Welcome to the latest ‘Final Frontier Friday’! This week we’ll be doing something a bit different, as for the first time we’ll be taking a look at one of the movies, namely 1996’s ‘Star Trek: First Contact’.

So we’re finally doing a movie. But why now? Well, some of you may have already figured it out (And good for you!), but humor me, okay? To pull back the curtain a bit, I originally conceived, pitched, and embarked upon this column as “every two weeks, I’ll review a random ‘Star Trek’ episode.” And that’s what I’ve been doing for the last two and a half years. But in that time, I’ve definitely taken some liberties with the definition of “random.” And by that, I mean that I’ve stretched it in both directions, with there have being times when I haven’t figured out which episode I’ll cover until the Thursday before it’s due and others where I’ve known months in advance. This isn’t exactly the latter, but it definitely leans more toward that end of the spectrum. You see, this column is running on April 5th. First Contact Day. Once I realized that, I knew there was no possible way I’d be covering anything else this week.

In reference to that other mega-popular sci-fi property, George Lucas has famously (or infamously, depending on who you talk to) described his two ‘Star Wars’ trilogies as “rhyming.” Lucas was referring to the on-screen narratives of his films, how plot points in one trilogy are often echoed or inverted in the other. But film series can rhyme off camera as well. And there was certainly a bit of that going on with the ‘Star Trek’ films in the mid-nineties. Though the original crew had been put out to pasture a few years earlier in ‘Star Trek VI: The Undiscovered Country’, big screen ‘Trek’ was given something it’s televised counterpart never quite had: a formal passing of the torch from one generation to the next. This would also present and opportunity for the crossover we’d all been waiting for, as Kirk and Picard came face to face. In 1994, this was about as big a deal as you could possibly have asked from a ‘Star Trek’ movie.

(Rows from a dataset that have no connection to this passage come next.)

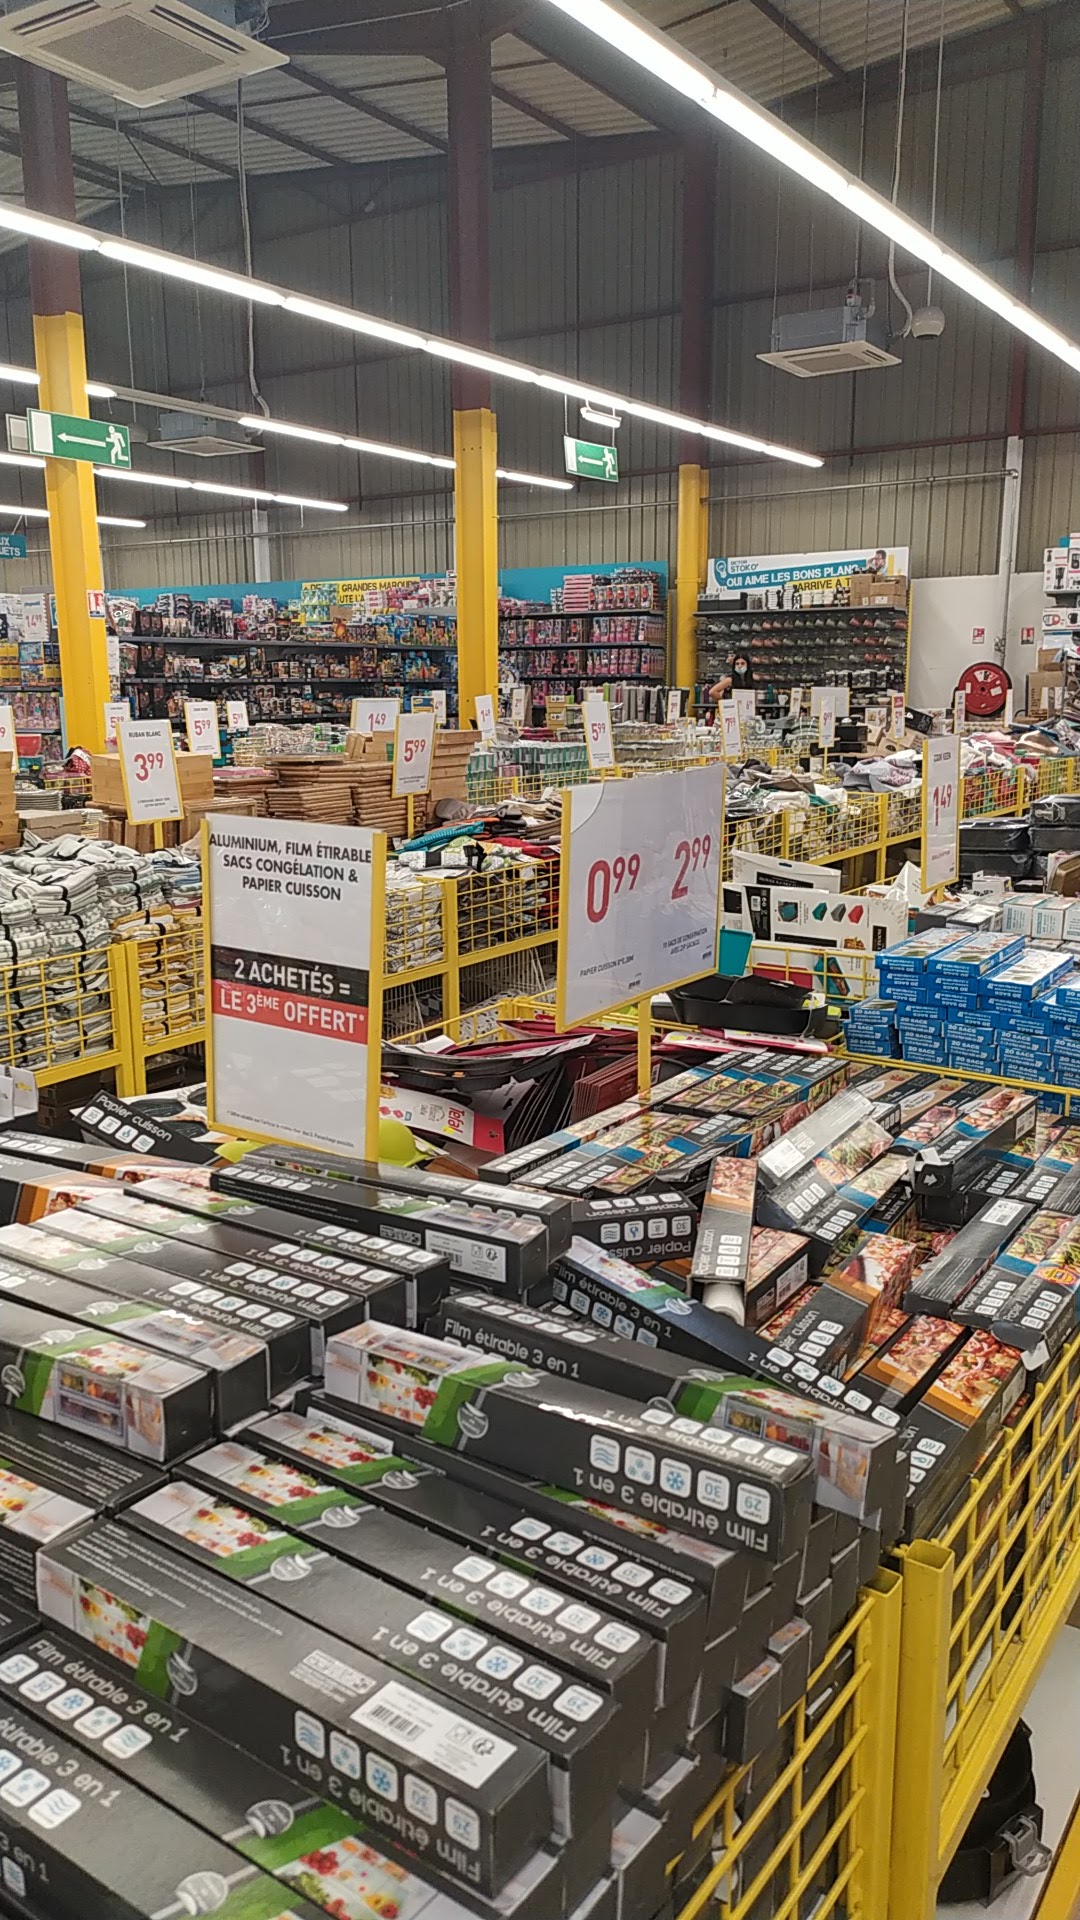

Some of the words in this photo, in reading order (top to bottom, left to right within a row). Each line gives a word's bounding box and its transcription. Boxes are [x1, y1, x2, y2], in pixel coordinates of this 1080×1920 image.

[341, 582, 378, 592] GRANDES
[726, 577, 743, 588] QUI
[744, 574, 770, 586] AIME
[771, 571, 791, 583] LES
[793, 569, 821, 581] BONS
[798, 578, 832, 591] ARRIVE
[845, 578, 851, 587] T
[193, 720, 211, 736] 599
[367, 713, 386, 730] 149
[146, 730, 162, 738] BLANC
[590, 723, 606, 742] 599
[404, 738, 427, 763] 599
[134, 752, 164, 781] 399
[933, 783, 952, 827] 149
[209, 833, 282, 856] ALUMINIUM,
[285, 841, 313, 857] FILM
[316, 841, 372, 864] ÉTIRABLE
[223, 855, 252, 870] SACS
[256, 857, 344, 881] CONGÉLATION
[348, 869, 359, 883] &
[671, 834, 712, 901] 299
[242, 876, 282, 893] PAPIER
[285, 881, 341, 901] CUISSON
[587, 853, 641, 924] 099
[234, 958, 245, 979] 2
[249, 961, 334, 995] ACHETÉS
[339, 982, 351, 995] =
[220, 989, 242, 1012] LE
[246, 991, 280, 1014] 3ÈME
[958, 1025, 976, 1033] SACS
[1012, 1033, 1031, 1041] SACS
[1015, 1050, 1034, 1058] SACS
[96, 1095, 133, 1118] Papier
[132, 1115, 173, 1142] cuisson
[448, 1106, 466, 1134] Tefal
[586, 1206, 639, 1218] cuisson
[645, 1201, 689, 1212] Papier
[647, 1241, 692, 1256] Papier
[701, 1228, 716, 1253] cuisson
[258, 1252, 277, 1261] en
[608, 1245, 643, 1259] cuiss
[211, 1272, 230, 1282] en
[342, 1277, 373, 1291] Film
[154, 1292, 175, 1301] en
[579, 1272, 627, 1312] étirable
[629, 1306, 640, 1320] 3
[644, 1314, 661, 1331] en
[664, 1325, 673, 1339] 1
[297, 1300, 328, 1315] Film
[240, 1321, 273, 1336] Film
[444, 1318, 472, 1340] Film
[475, 1328, 529, 1360] étirable
[532, 1350, 544, 1365] 3
[546, 1356, 567, 1374] en
[571, 1363, 580, 1378] 1
[573, 1468, 585, 1486] 1
[589, 1472, 616, 1494] en
[620, 1486, 636, 1504] 3
[704, 1482, 721, 1498] 30
[641, 1493, 719, 1537] étirable
[481, 1524, 496, 1537] 1
[496, 1531, 525, 1548] en
[726, 1524, 769, 1552] Film
[524, 1546, 544, 1560] 3
[420, 1566, 437, 1580] 1
[545, 1552, 623, 1597] étirable
[437, 1574, 467, 1595] en
[465, 1590, 485, 1605] 3
[627, 1590, 671, 1618] Film
[487, 1597, 568, 1646] étirable
[371, 1625, 389, 1641] 1
[389, 1633, 419, 1656] en
[570, 1639, 617, 1671] Film
[418, 1651, 439, 1670] 3
[28, 1638, 66, 1666] Film
[63, 1660, 129, 1705] étirable
[126, 1700, 148, 1715] 3
[143, 1712, 173, 1733] en
[169, 1726, 189, 1744] 1
[441, 1659, 525, 1714] étirable
[527, 1704, 578, 1743] Film
[280, 1745, 291, 1766] 1
[297, 1753, 322, 1781] en
[56, 1759, 79, 1777] 3
[73, 1772, 104, 1799] en
[99, 1789, 121, 1809] 1
[328, 1775, 343, 1798] 3
[349, 1785, 429, 1849] étirable
[13, 1846, 36, 1871] en
[38, 1862, 50, 1882] 1
[436, 1838, 481, 1882] Film

But as much obvious potential as the ‘Generations’ had, the results were decidedly mixed. The film was a financial success, opening at number one and remaining in the top ten at the box office until its fifth week of release. However, while I won’t get too deep into it here (that’s for another piece), the fact that ‘Generations’ was developed and produced in tandem with the final season of ‘TNG’ ultimately proved detrimental to both the season and the movie. While neither is bad (though a good friend of mine did once spend a summer using ‘Generations’ as an insomnia cure, so…), it’s hard to escape the sense that both could have reached greater heights had the cast, crew, and producers been able to give each project the attention it deserved.

But I digress. Mixed as they may have been, the results were good enough that a sequel to ‘Generations’ was greenlit within three months of the film’s release. And while the ‘Star Trek’ team may not have had to prove themselves to Paramount the way their predecessors had after ‘The Motion Picture’, there is an inescapable (albeit unspoken) sense that they made a point of stepping up their game for this outing. But how to go about that? Well, from first principles Rick Berman was of the opinion that the new film should reflect the sort of ‘Star Trek’ stories that had most resonated with him, namely time travel stories like ‘Yesterday’s Enterprise’ or ‘City on the Edge of Forever‘. On the other hand, Ronald D. Moore and Brannon Braga (who had been tapped to write the film) had their hearts set on bringing back the Borg, reasoning that not only had they not been seen in full force since ‘The Best of Both Worlds’ two-parter some five years prior, but they also provided the perfect villains for the scale of a feature film.

The solution, as it turned out, was to dip Berman’s chocolate into Moore and Braga’s peanut butter, as the three quickly hit on the idea of the Borg travelling through time to assimilate humanity before it could present much of a threat (let alone effectively resist) the Collective. But once you’ve settled on doing a period piece, the question then becomes “Which period?” Among those considered were the Italian Renaissance and the American Civil War. Ultimately, though, they settled on the future. This came out of Braga’s desire to address the “birth of ‘Star Trek’.” But what did that mean, exactly? Well, sometime between now and the twenty-third century, humanity invents warp drive and begins meeting enough aliens to form a vast interstellar coalition. One of those logically leads to the other, and what better event is there to target if your goal is to prevent the Federation from existing? From there, it’s a short leap to Zefram Cochrane’s (established in the original series episode ‘Metamorphosis’ as the inventor of warp drive) test flight serving as the impetus for First Contact. And while it hadn’t yet been explicitly established onscreen, is there a more logical choice for humanity’s first contact than the Vulcans? I think we both know the answer to that.